The performance of our model decreased in the external validation compared to the internal validation in this study. In our opinion, both the hardware and software of the CT scanner have an impact on model performance. Model performance may also be affected by different CT scanning protocols. What's more, the number of samples may not be sufficiently representative of the whole population, especially in the case of rare categories. As there may be other reasons for the degradation of the model performance in the external dataset, this is a further interesting and worthwhile topic to be investigated.

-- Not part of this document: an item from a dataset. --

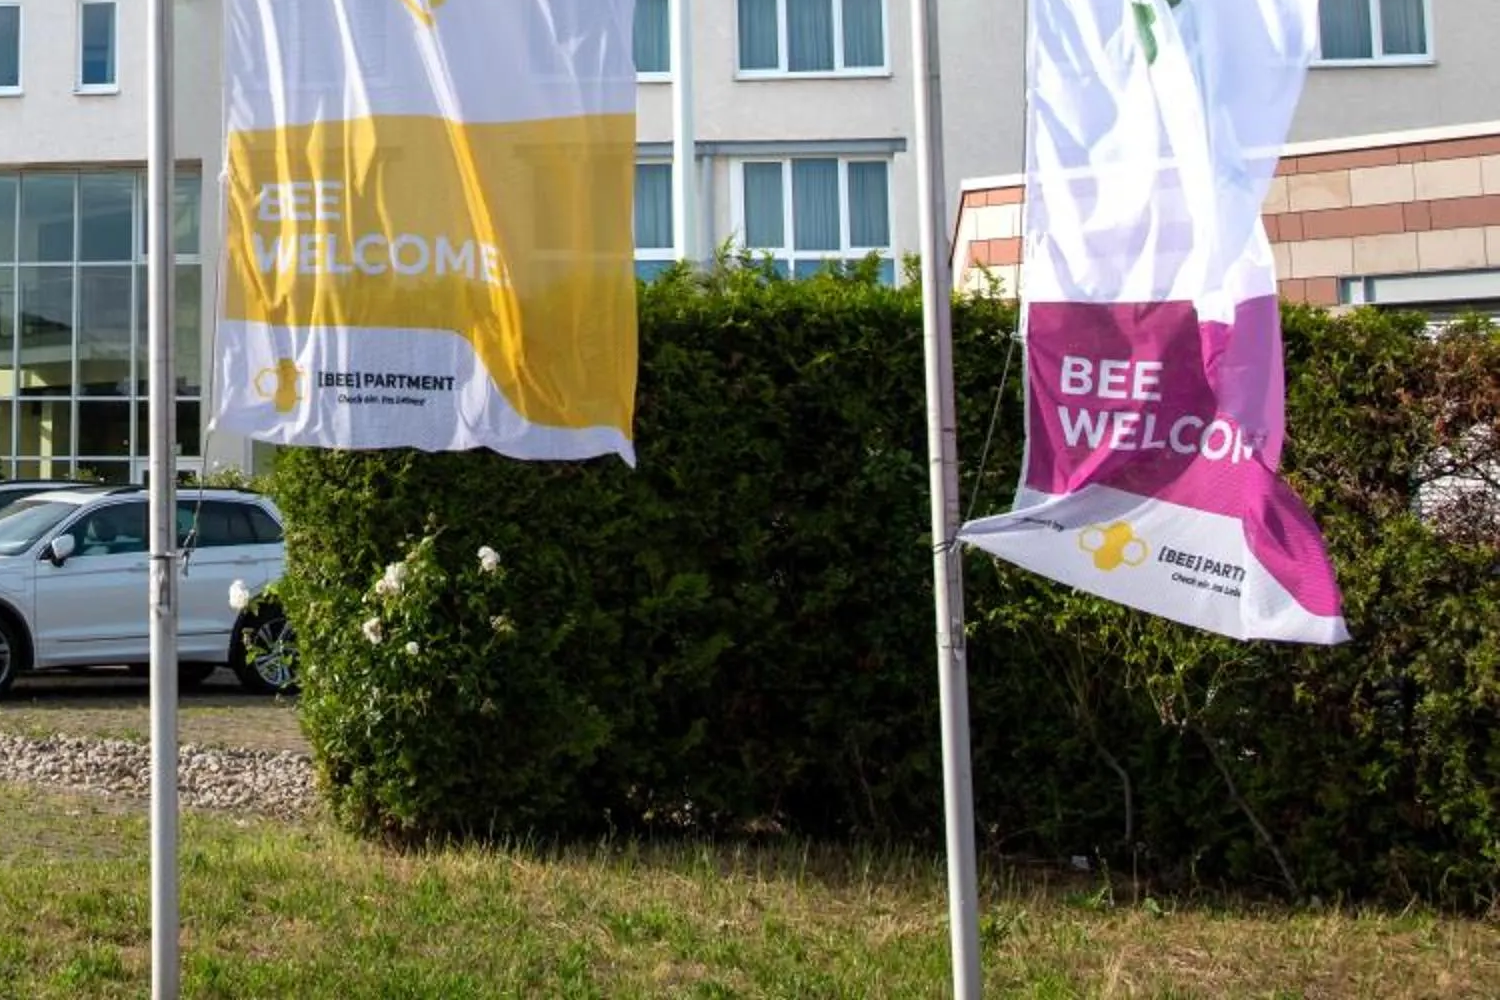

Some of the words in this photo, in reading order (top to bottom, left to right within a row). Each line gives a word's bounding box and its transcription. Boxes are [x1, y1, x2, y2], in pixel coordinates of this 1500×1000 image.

[258, 180, 343, 222] BEE
[317, 371, 361, 389] [BEE]
[363, 373, 455, 391] PARTMENT
[1059, 355, 1164, 402] BEE

While promising results have been obtained from our multichannel deep learning model, there do exist several limitations. Firstly, CT images of the nephrographic and excretory phase were not used for model training in this study. This is mainly due to the long-time span of cases that we reviewed. In most of the early cases, the image quality of nephrographic and excretory phase is far inferior to that of the corticomedullary phase in terms of the thickness of the reconstruction, tumor scan integrity, and scan timing. Secondly, the use of whole-tumor CT slices can make the labeling of ROIs burdensome. Developing an accurate and stable automatic segmentation method for tumor ROIs will help to improve the practicability of our classification model. Moreover, a larger multi-center validation study will be needed to further assess the robustness of the model across populations. Also, given the retrospective nature of this study, a prospective study may be required to evaluate the clinical value of our model.

In conclusion, the present study demonstrated that a multichannel deep learning model based on whole-tumor unenhanced CT images represents a highly useful tool for differentiating fp-AML from RCC. This tool may improve the accuracy of preoperative diagnosis for patients with renal masses and therefore facilitate the clinical decision-making process.